Directions for this task: Print every record below exactly, minus the pictures.

[Dataset entries]
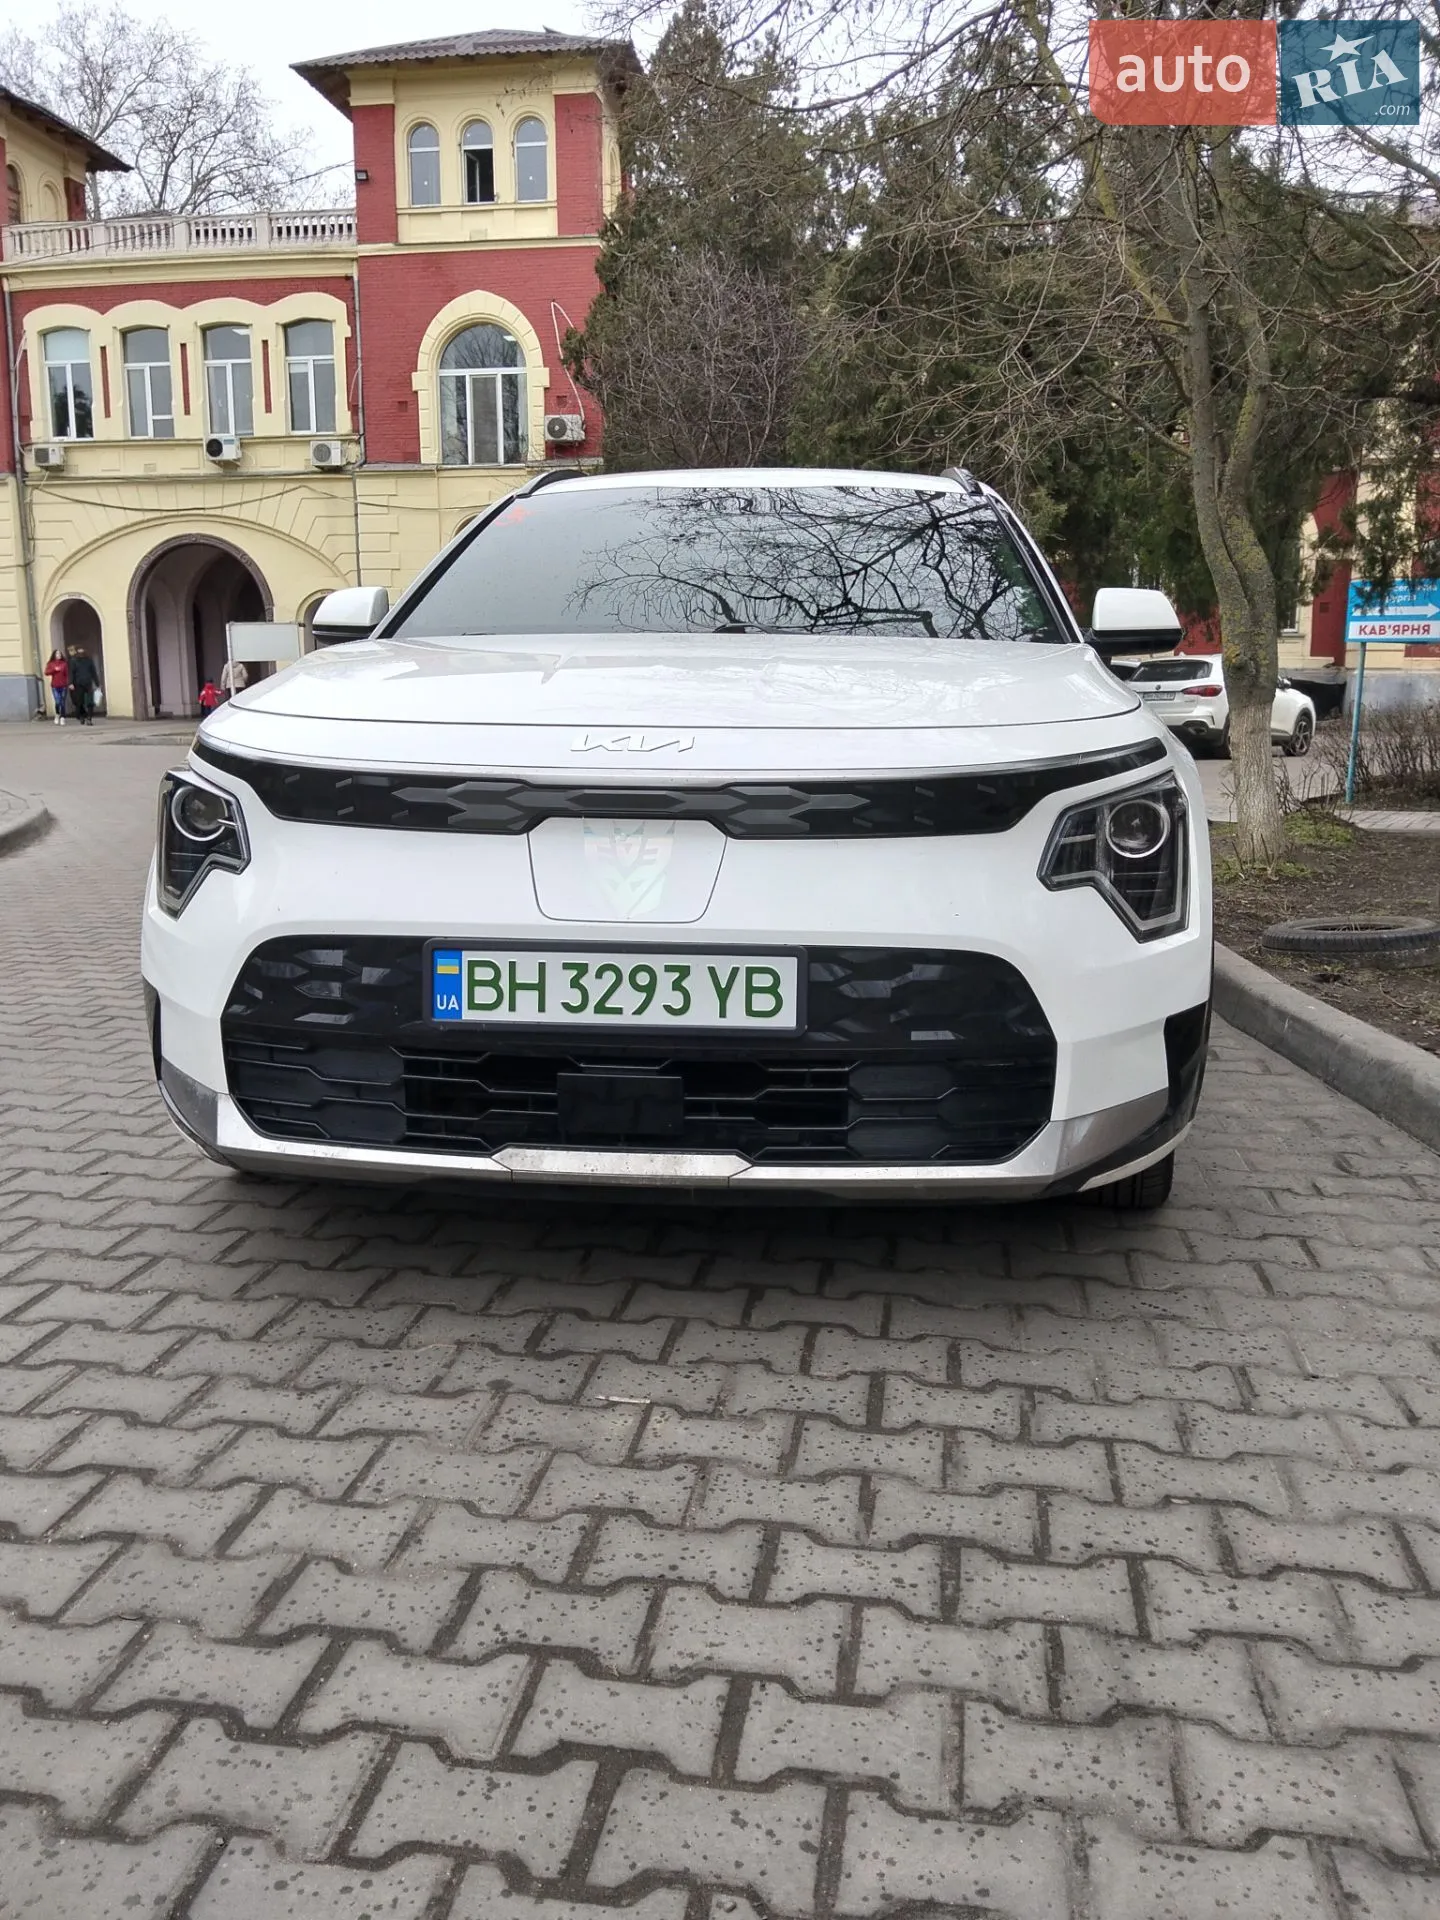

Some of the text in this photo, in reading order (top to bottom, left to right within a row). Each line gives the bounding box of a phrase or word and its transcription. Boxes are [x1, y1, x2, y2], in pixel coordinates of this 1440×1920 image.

[1358, 624, 1431, 636] КАВ'ЯРНЯ
[570, 733, 695, 753] KIA
[466, 959, 784, 1019] BH 3293 YB
[436, 994, 459, 1011] UA

Response to this task:
Some of the text in this photo, in reading order (top to bottom, left to right within a row). Each line gives the bounding box of a phrase or word and its transcription. Boxes are [x1, y1, x2, y2], in pixel coordinates of this 1440×1920 image.

[1358, 624, 1431, 636] КАВ'ЯРНЯ
[570, 733, 695, 753] KIA
[466, 959, 784, 1019] BH 3293 YB
[436, 994, 459, 1011] UA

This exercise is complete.